We always gave each other forever time. You always had power, strength, true loyalty and superb knowledge. You were always there despite everything. Your love and support were pure You were so gifted, made us laugh constantly. Had your own language called “Hurrah” which we also called ‘a Bracken thing’ referring to contentment. Your love was unconditional and pure. You always wanted to be there. You never gave up which has confused us today because this sudden tragedy was unexpected and not like you.
We are questioning this so much because your refection was pure and constant. You had bravery – stood up for everybody. If I could reach the stars In the universe I would give them to you. You will always be the King – no one will replace you. You always spoke in your sleep, sounded like a harmony. We had the perfect life together. Love was very strong, so solid nothing broke us. You have left me hurt and It feels like someone has crushed me, scattering my pieces all over the floor. I was always considered as a quiet, shy person but with you I was a million stars.
You gave me confidence, amazing guidance and great balance. Please continue to do this as I need it now I feel lonely without you. The day you were ill, I was as well, when you were crying in pain, I was also. However, I was crying – mourning for you when the phone call for my patisserie placement came on Sunday. I hope this Is It, If it Is I will know It Is you bringing me luck and success, Like you always have. It is incredibly hard to say goodbye especially to someone who has always been so special. Heaven wanted you. Heaven decided it needed you.
Heaven knew you were in pain and suffering. Heaven wanted to feed you homemade chicken soup, fresh chicken and porridge. Heaven knows this because Sophie always gave It to you because she knew what you loved. Not to forget most importantly your favorite grab;. Y bones! Heaven wanted you to run with joy again because Heaven likes it when you put your bum up in the air. The Golden gates have opened. Numb & Lucy. They will take care of you, they will play and love you as much as we did. I know I didn’t know Brutes & Topaz – it felt like I did.
I know they talk about us cause they come to me in my dreams to forever say ” thank you, I love you and I am forever with you. ” My hero, my precious angel. You never will be forgotten as your perfection was solid gold. Your memories will be cherished as I look at your sleeping places in the house. Your brother Shadow is in good hands as you know. He really is missing you too. He isn’t eating very well now. You loved your food. Please make him better. Bobby misses you as he loved you very much. He was your pal – made you play more and enjoyed teasing you, you loved it.
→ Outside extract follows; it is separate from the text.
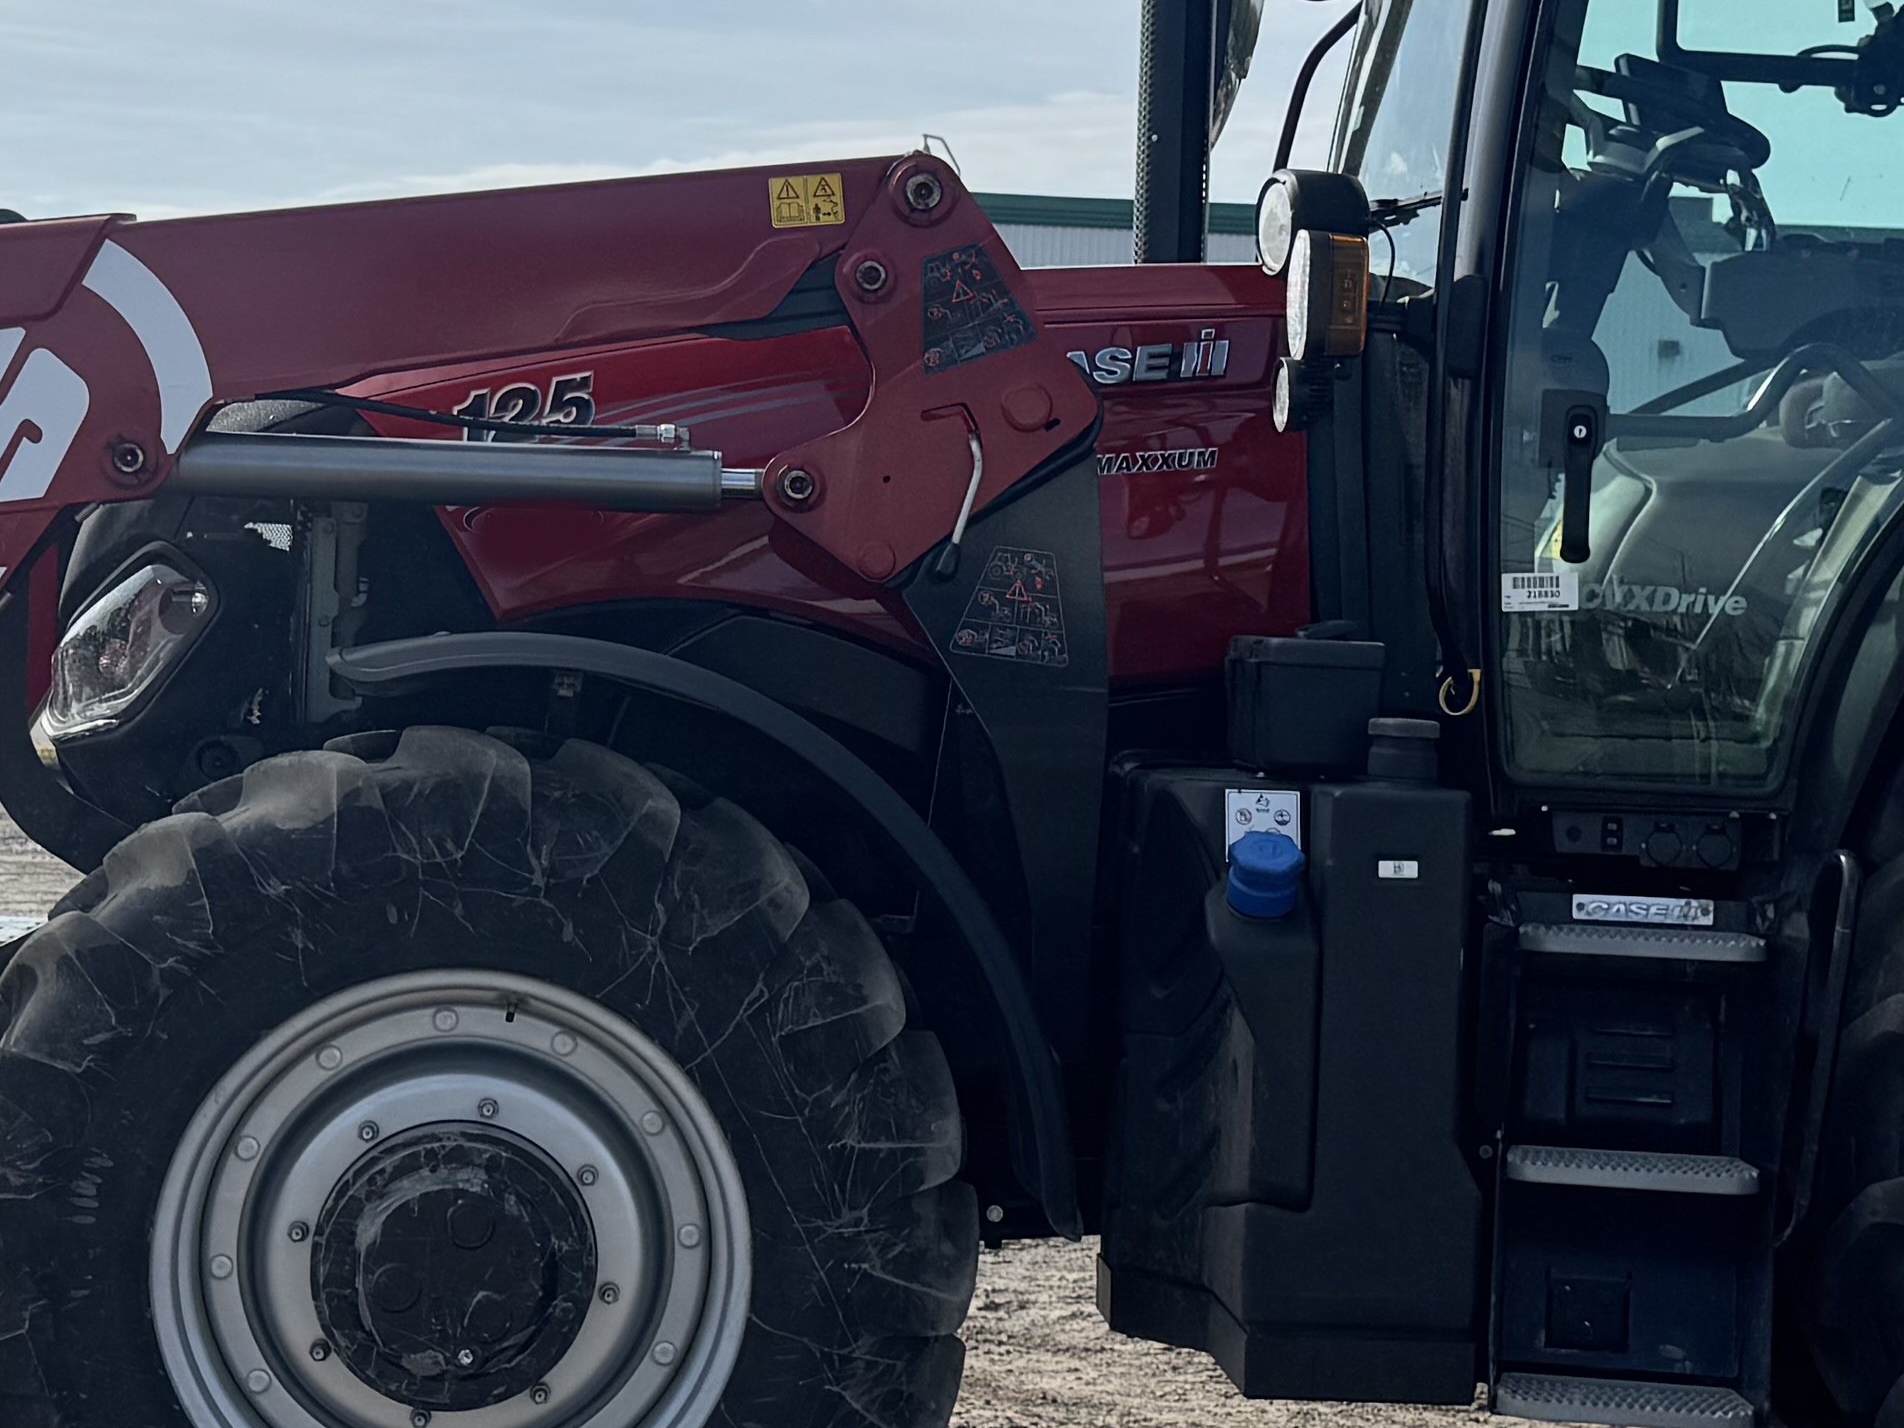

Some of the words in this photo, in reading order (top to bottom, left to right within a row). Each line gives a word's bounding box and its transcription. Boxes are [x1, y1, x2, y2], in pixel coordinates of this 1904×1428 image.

Sash – he loved you and you loved him in the end. He is a rascal but he means well – maybe you can help his timid ways to become better. May you fly high. Give me signs all the time. I love you, cherish you and will miss you. I will miss you kissing my nose. Lots of love from your girl Sophie BRACKEN – on 19th April 2013 you went to heaven at 1 pm aged arrears and 1 1 months BRACKEN meaning = Tall,[you were indeed beautifully tall] coarse fern[you always stuck up for yourself and others], a green, shade-loving plant [so grateful nature gave you to us, you were naturally very loving.